Graduate Courses

From the recent Andalusian play, “Clytemnestra. Una mujer.” Faculty expert, Kathleen L. Komar. Banner image: John Locke. Faculty expert, Kirstie McClure.

Fall 2018

Comparative Literature 200A: Theory of Comparative Literature

Instructor: Kirstie McClure

Study of theory of literature, with emphasis on genealogy of theoretical problems.

Comparative Literature 220: Topics in Medieval Studies: Theory, History, and Literature

Instructor: Zrinka Stahuljak

Students read medieval texts, and choose from influential texts from theory and historiography of field. Topics include history and literature; history, religion, and literature; culture and literature; anthropology and literature; text and image; music and literature; and performance, performativity, and literature.

Comparative Literature 284: Theories of Translation

Instructor: Efrain Kristal

Seminar, three hours. Examination of various approaches to concept of translation and to its significance for literary studies. Readings include authors such as Matthew Arnold, Walter Benjamin, George Steiner, and Susan Bassnett. S/U or letter grading.

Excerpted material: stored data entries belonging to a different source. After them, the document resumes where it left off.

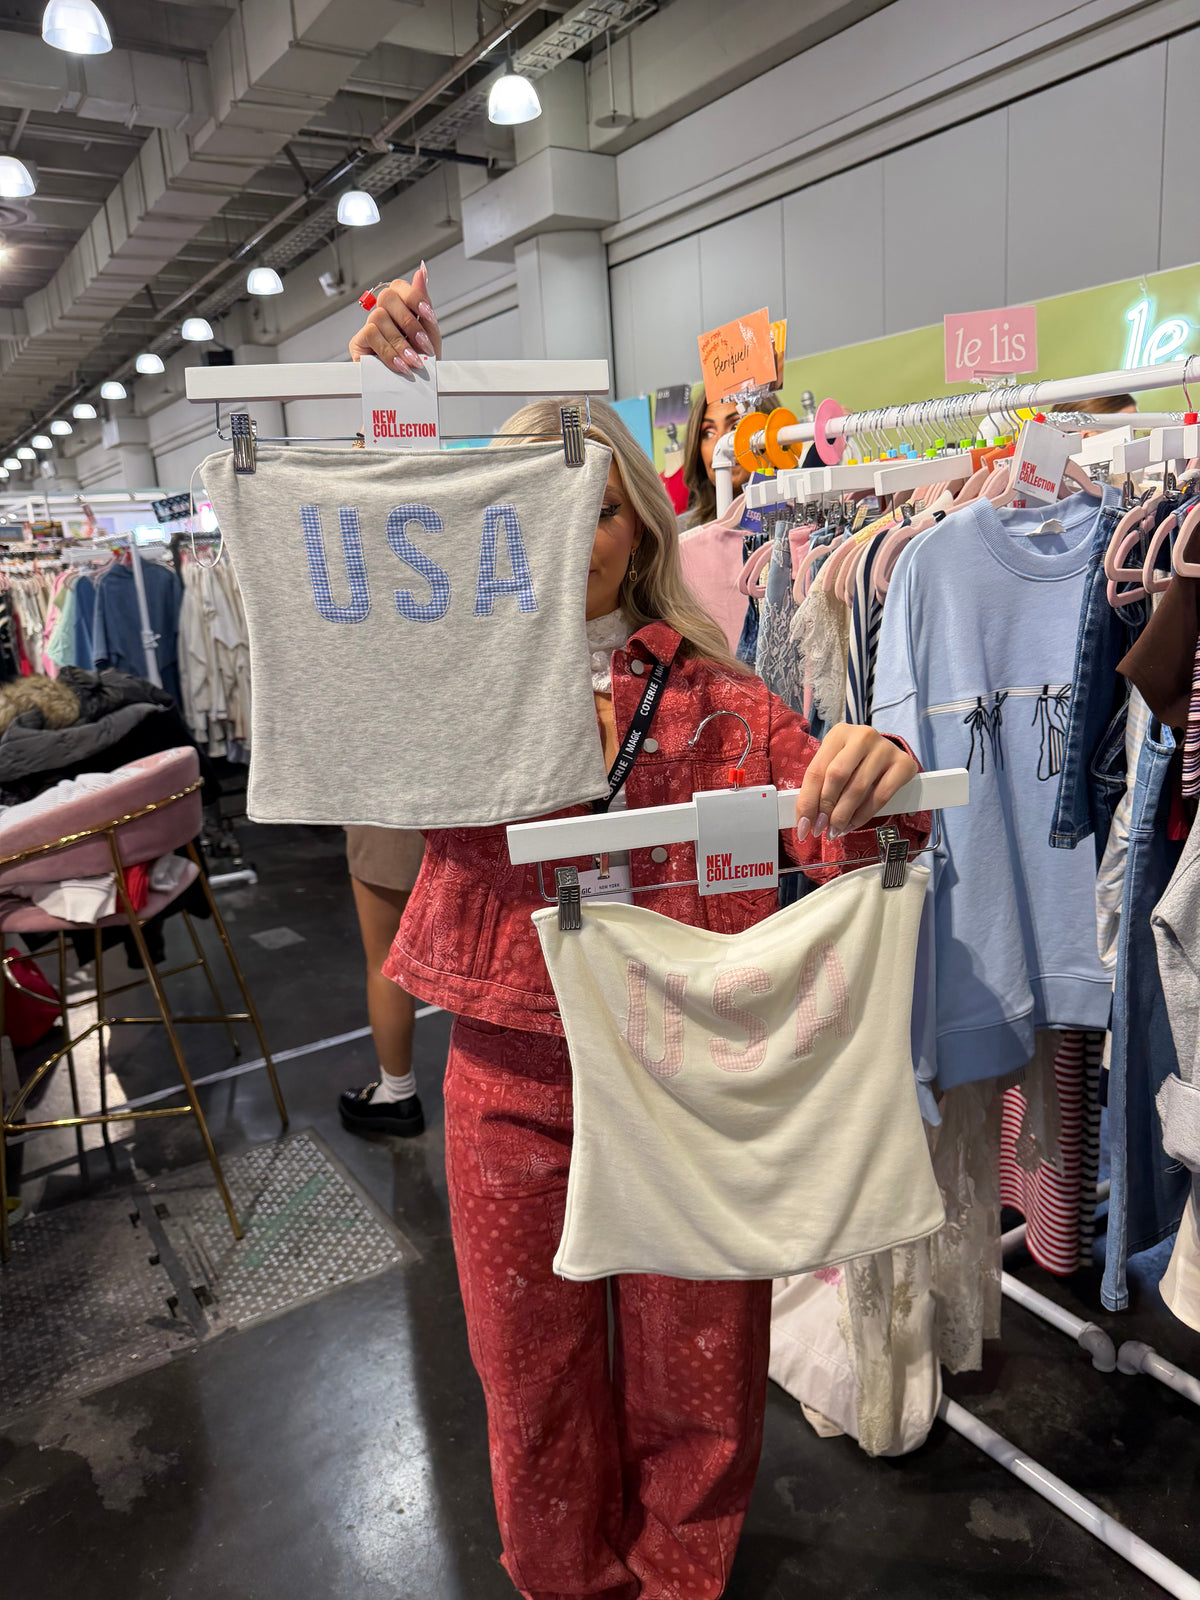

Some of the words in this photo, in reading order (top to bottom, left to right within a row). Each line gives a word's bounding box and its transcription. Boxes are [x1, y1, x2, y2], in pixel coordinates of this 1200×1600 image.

[955, 327, 982, 369] le
[990, 322, 1026, 365] lis
[1124, 298, 1189, 370] le
[372, 410, 397, 424] NEW
[373, 423, 437, 438] COLLECTION
[1021, 461, 1037, 474] NEW
[1019, 470, 1056, 493] COLLECTION
[300, 503, 538, 624] USA
[625, 729, 642, 754] MAGIC
[640, 681, 659, 716] COTERIE
[706, 853, 732, 869] NEW
[706, 862, 773, 882] COLLECTION
[627, 939, 851, 1078] USA

Comparative Literature 290: Contemporary Theories of Criticism

Instructor: Tamara Levitz

Seminar, three hours. Requisite: course 200A. Advanced course in theory of literature focusing on structuralist, psychoanalytic, and Marxist approaches. S/U or letter grading.

Comparative Literature 290 (Seminar 1): Queer/Race Studies

Instructor: Anjali Arondekar

Exploration of interrelated, epistemological frameworks of critical race studies and queer studies. Through study of range of philosophical, scientific, literary and anthropological texts, students rigorously historicize and theorize efforts to simultaneously link and separate theories of race and sexuality. Continued discussion of difference concept and its connections to productions of race and sexuality is central to understanding. Interdisciplinary study in which interstices between factual and fictional materials on sexuality and race are constantly exploded and expanded upon.

Comparative Literature 290 (Seminar 2): Frantz Fanon and Theories of Decoloniality

Instructor: Tamara Levitz

Comparative Literature 290 (Seminar 4): Arendt, Modernism, and Essay in Theory

Instructor: Kirstie McClure

Whether charged with nostalgia for polis or defended for their reluctant modernism, Hannah Arendt’s writings continue to perplex and fascinate contemporary readers. Exploration of selections from Arendt’s literary and cultural criticism, and The Human Condition, in light of Hayden White’s notion of modernist historicism and Adorno’s account of experimental and expressive aspects of essay form. Within that frame, study is collaborative; that is, participants select common readings from range of possibilities in accordance, so far as possible, with their backgrounds and research interests.